The work of Dr. George Nehmetallah and the Electrical Engineering and Computer Science Department is soaring to new heights. In March, Dr. Nehmetallah and a team of twelve researchers were awarded NASA’s Group Achievement Award for their development of a novel Non-Dispersive Infrared Gas Analyzer (NDIRGA) suitable for future use in outer space. The team was made up of engineers and scientists from around the world, including Dat Tran and Nicolas Gorius, currently PhD candidates in the EECS Department at the Catholic University of America. Starting in January 2019, the research was funded by two NASA grants that aim to support a future probe mission to the “ice giants” in the outer solar system, Uranus and Neptune.

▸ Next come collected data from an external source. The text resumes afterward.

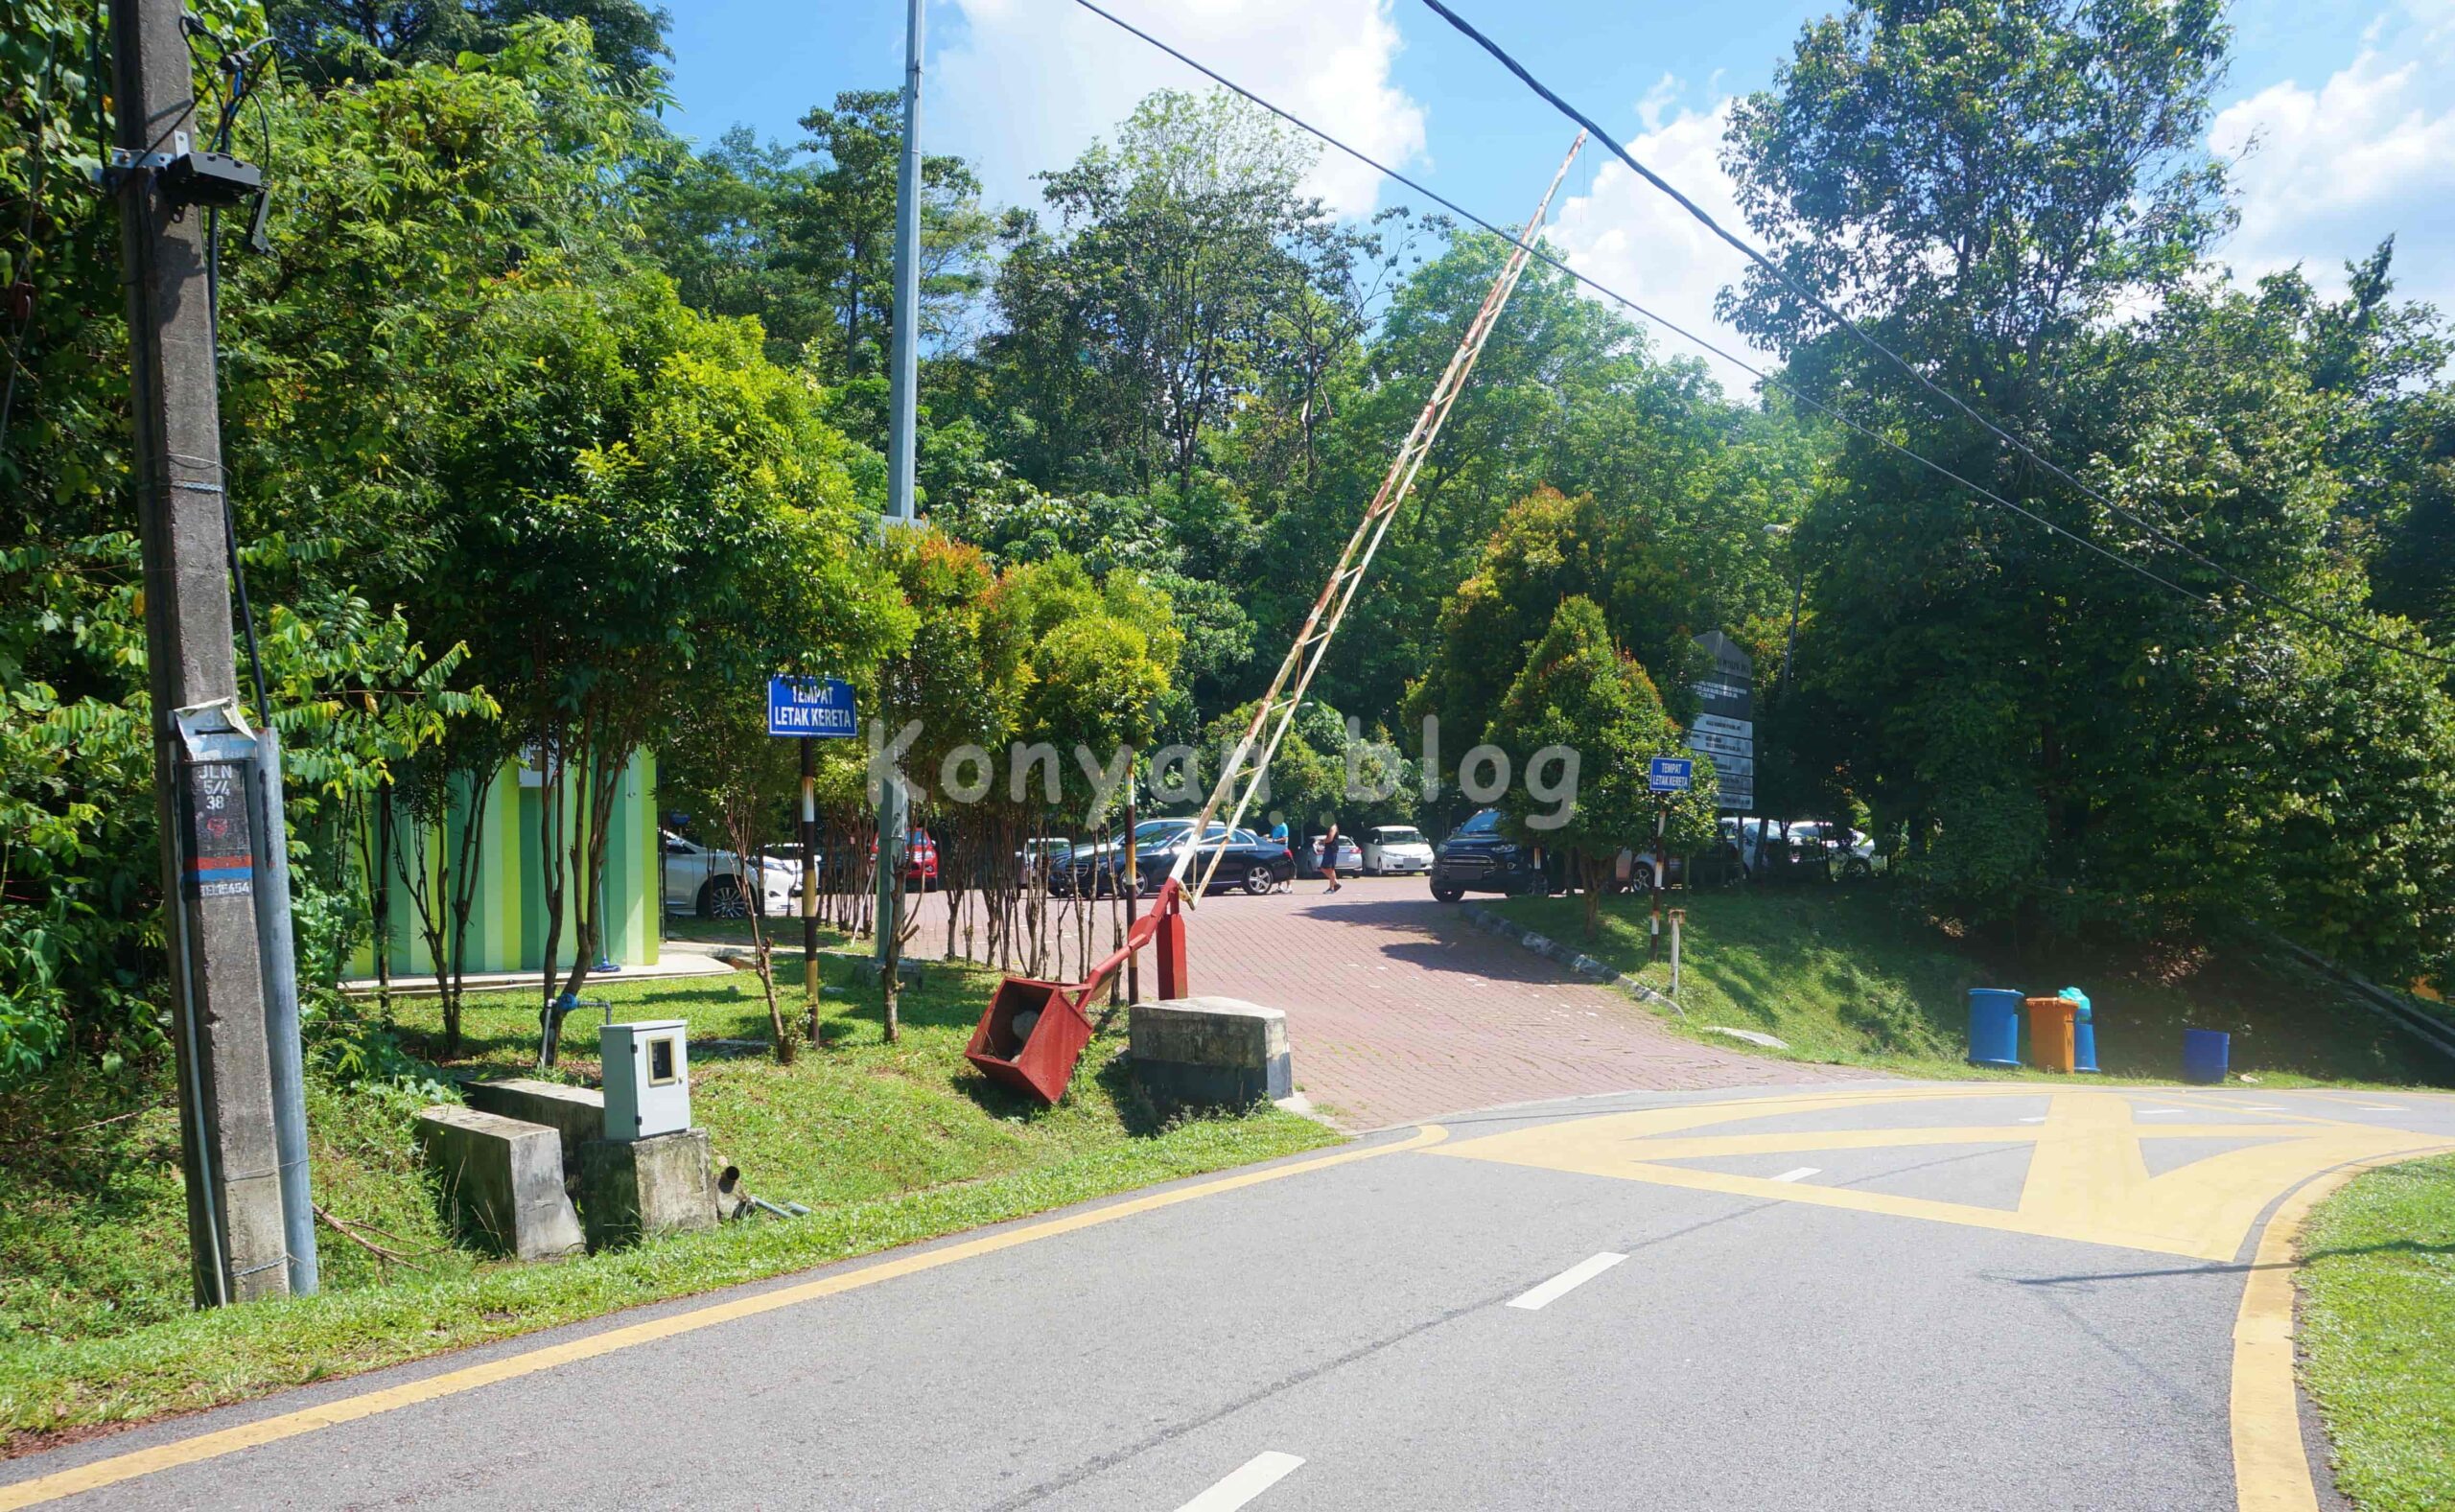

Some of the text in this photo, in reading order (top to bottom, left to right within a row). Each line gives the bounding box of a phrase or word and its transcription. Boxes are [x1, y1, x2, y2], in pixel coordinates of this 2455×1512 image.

[793, 686, 834, 705] TEMPAT
[775, 707, 852, 728] LETAK KERETA
[199, 764, 232, 779] JLN
[1661, 762, 1682, 774] TEMPAT
[1652, 775, 1688, 787] LETAK KERETA
[206, 795, 224, 810] 38

An NDIR gas analyzer is used to monitor water vapor and carbon dioxide gas partial pressures in space-based instruments. An NDIRGA subsystem is currently in development at the NASA Goddard Space Flight Center for the Comet Astrobiology Exploration Sample Return (CAESAR) mission, in preparation for the NASA New Frontiers 5 call as early as 2024. The CAESAR mission aims to robotically acquire surface material from the nucleus of a Jupiter-family comet and return the sample to earth for laboratory analysis. The NDIR gas analyzer possesses sample containment systems that protect samples from contamination or alteration that would hinder their scientific lab analysis.
NASA’s Group Achievement Award is conferred for outstanding accomplishment through the coordination of many individual efforts which have contributed substantially to NASA's mission.